C.R.S.
Section 40-3.2-102
Recovery of air quality improvement costs
(1)
A public utility shall be entitled to fully recover from its retail customers the air quality improvement costs that it prudently incurs as a result of a voluntary agreement entered into pursuant to part 12 of article 7 of title 25, C.R.S., after July 1, 1998, except as provided in subsection (7) of this section.(2)
For the purposes of this article, “air quality improvement costs” means the incremental life-cycle costs including capital, operating, maintenance, fuel, and financing costs incurred or to be incurred by a public utility at electric generating facilities located in Colorado. To account for the timing differences between various costs and revenue recovery, life-cycle costs shall be calculated using net present value analysis.(3)
Upon application by a public utility for cost recovery, the commission shall determine an appropriate method of cost recovery that assures full cost recovery for the public utility. The air quality improvement costs recovered by the public utility shall not cause an average rate impact greater than the equivalent of one and one-half mills per kilowatt hour in any period, nor shall such costs exceed a total of two hundred eleven million dollars calculated using 1998 net present value dollars. The air quality improvement costs for a generating facility shall be recovered over a period of fifteen years or less.(4)
Any revenues a public utility receives from transferring, selling, banking, or otherwise using allowances established under Title IV of the federal “Clean Air Act” or under any other trading program of regional or national applicability shall be credited to the public utility’s customers to offset air quality improvement costs if such revenues are a result of a voluntary agreement entered into under part 12 of article 7 of title 25, C.R.S.(5)
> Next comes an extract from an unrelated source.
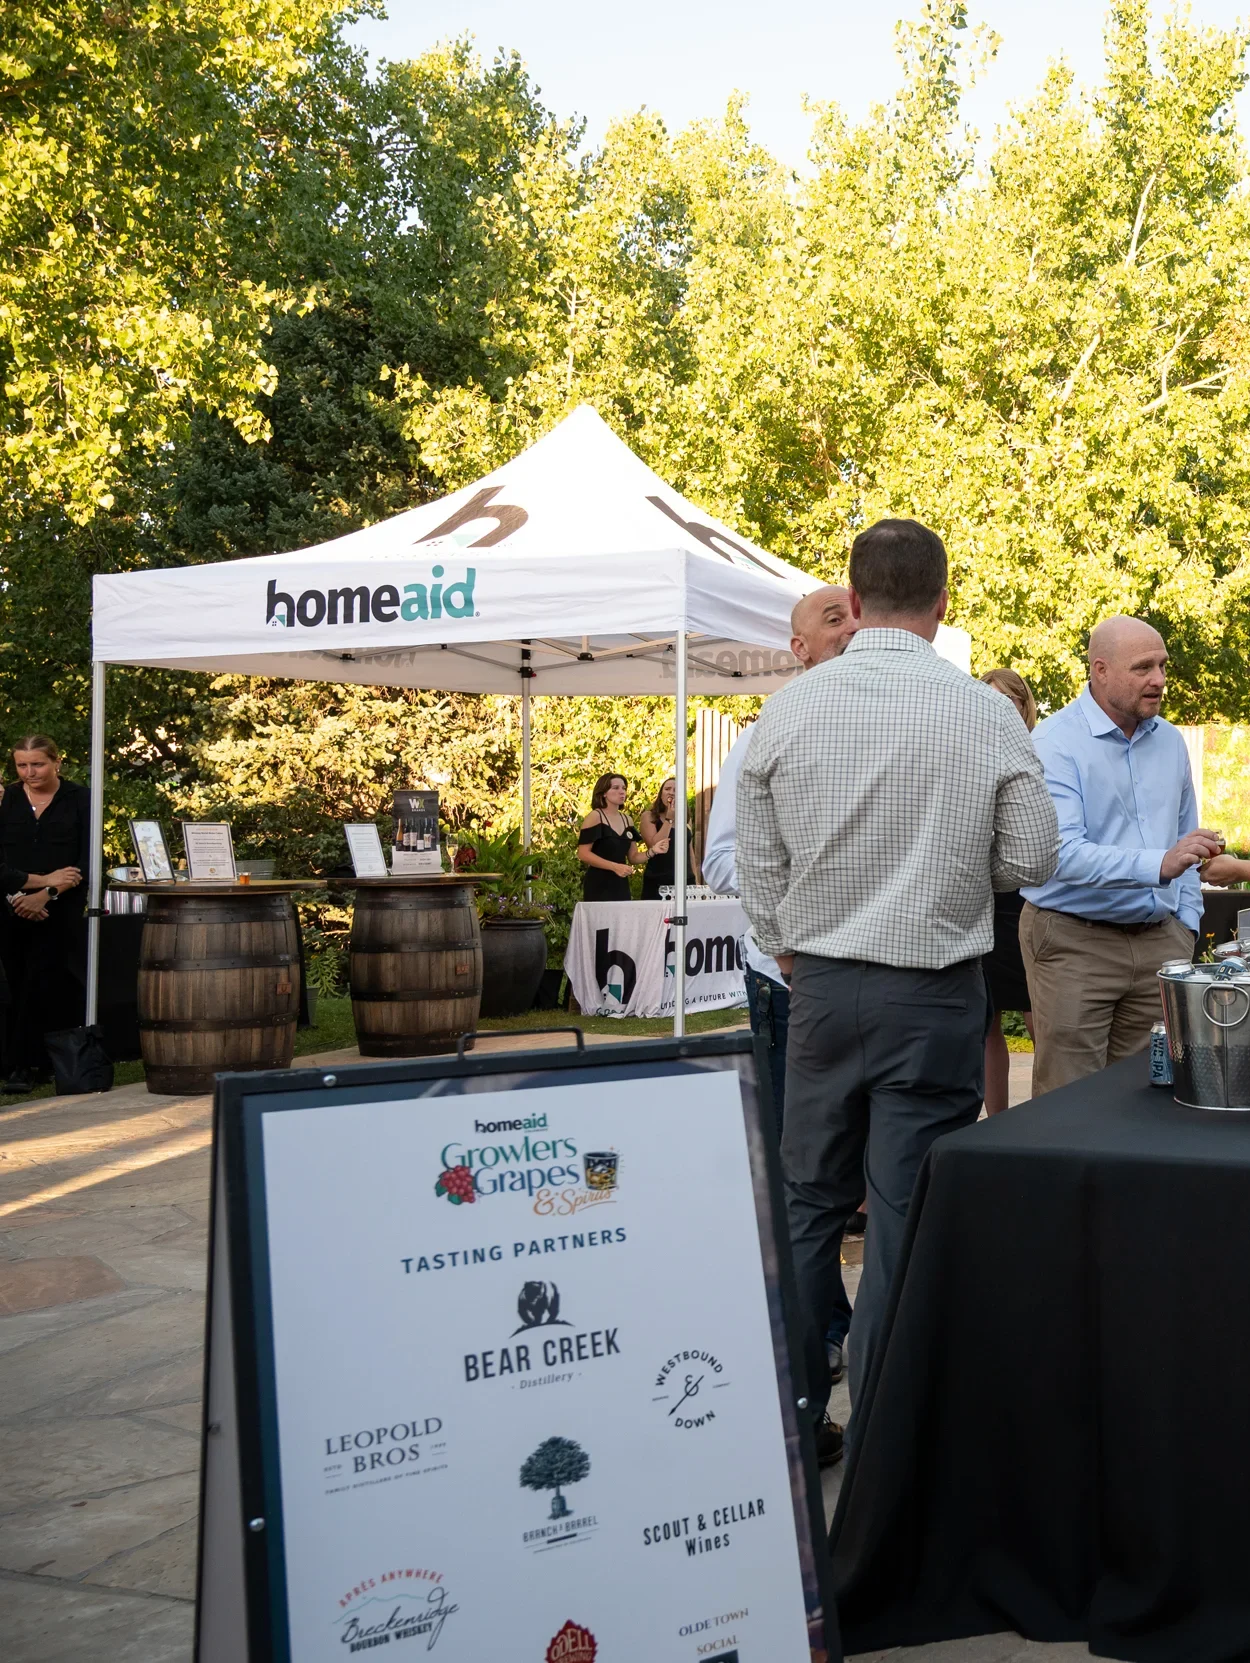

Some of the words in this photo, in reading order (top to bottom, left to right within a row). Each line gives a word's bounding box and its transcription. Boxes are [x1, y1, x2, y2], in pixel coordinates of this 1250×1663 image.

To the extent that a voluntary agreement entered into under part 12 of article 7 of title 25, C.R.S., does not increase the public utility’s electric generating capacity, the voluntary agreement shall not be subject to any restrictions that arise from the commission’s integrated resources planning rules.(6)
The commission shall assure that any future industry restructuring does not adversely affect the ability of the public utility to recover its air quality improvement costs. Nothing in this section shall prevent the commission from considering the appropriate value, including market value, of a public utility’s generation assets in any future industry restructuring proceeding.(7)
Intentionally left blank —Ed.(a)
If a public utility’s wholesale sales are subject to regulation by the federal energy regulatory commission and the public utility sells power on the wholesale market from generating facilities that are subject to a voluntary agreement under part 12 of article 7 of title 25, C.R.S., the public utilities commission shall determine whether to assign a portion of the air quality improvement costs to be recovered from the public utility’s wholesale customers. The public utilities commission may assign a portion of the air quality improvement costs to the public utility’s wholesale customers to the extent that such portion of such cost recovery does not conflict with the public utility’s wholesale contracts entered into prior to April 1, 1998.(b)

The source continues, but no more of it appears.